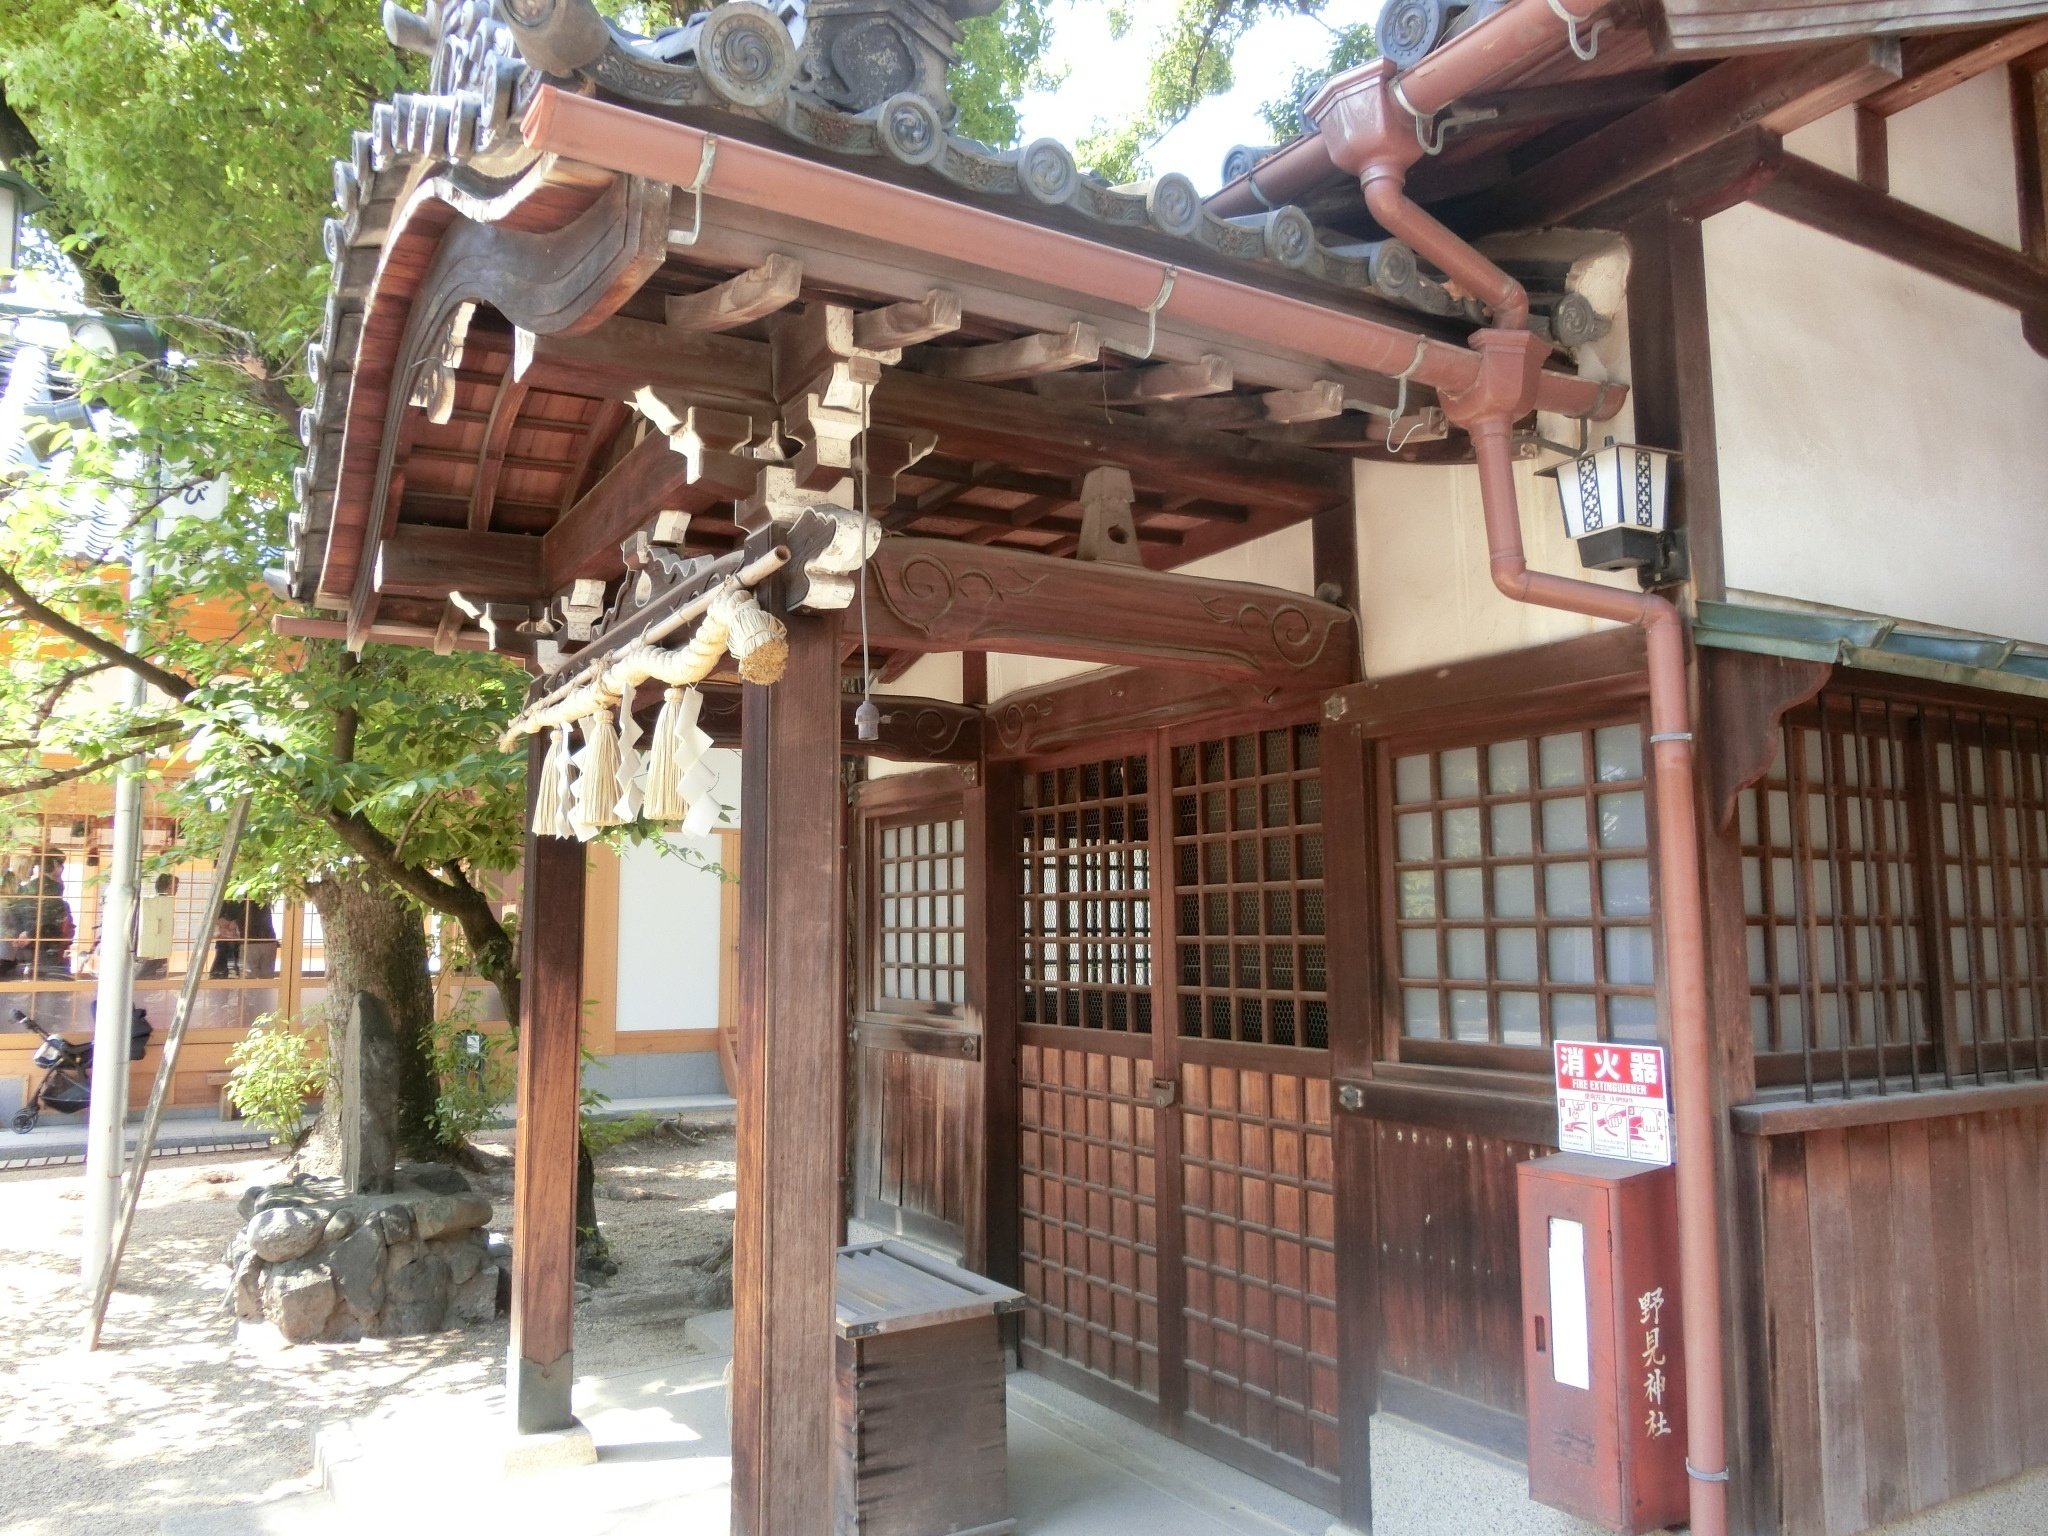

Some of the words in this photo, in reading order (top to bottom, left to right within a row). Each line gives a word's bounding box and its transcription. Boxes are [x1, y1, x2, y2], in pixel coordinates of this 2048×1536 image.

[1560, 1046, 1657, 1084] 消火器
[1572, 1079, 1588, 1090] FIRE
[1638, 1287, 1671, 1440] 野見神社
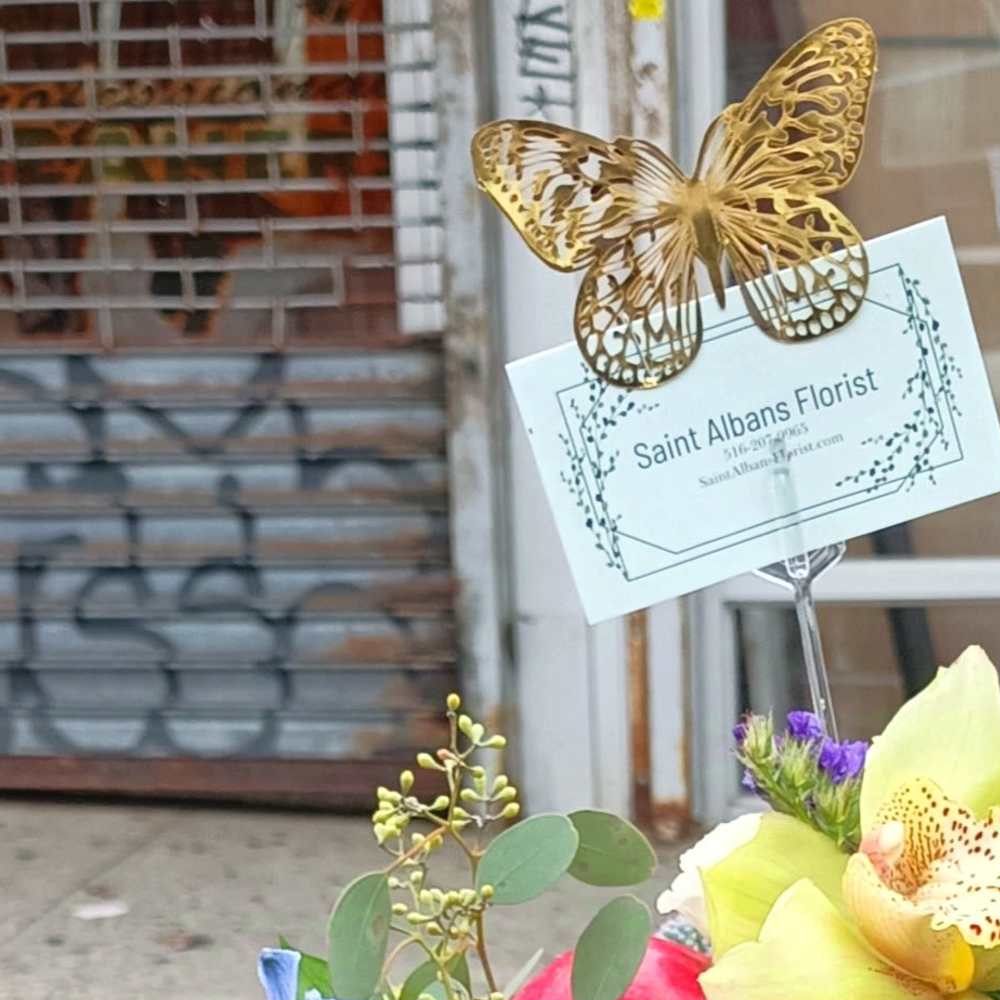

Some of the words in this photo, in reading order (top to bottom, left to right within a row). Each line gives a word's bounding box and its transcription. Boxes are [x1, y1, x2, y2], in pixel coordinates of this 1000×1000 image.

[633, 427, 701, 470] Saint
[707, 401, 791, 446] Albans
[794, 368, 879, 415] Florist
========================
• TASK ITEM:
The line with "this 1000×1000 image." and all the lines after it in the records above are to be output exactly, with nothing added.

• RESULT:
Some of the words in this photo, in reading order (top to bottom, left to right within a row). Each line gives a word's bounding box and its transcription. Boxes are [x1, y1, x2, y2], in pixel coordinates of this 1000×1000 image.

[633, 427, 701, 470] Saint
[707, 401, 791, 446] Albans
[794, 368, 879, 415] Florist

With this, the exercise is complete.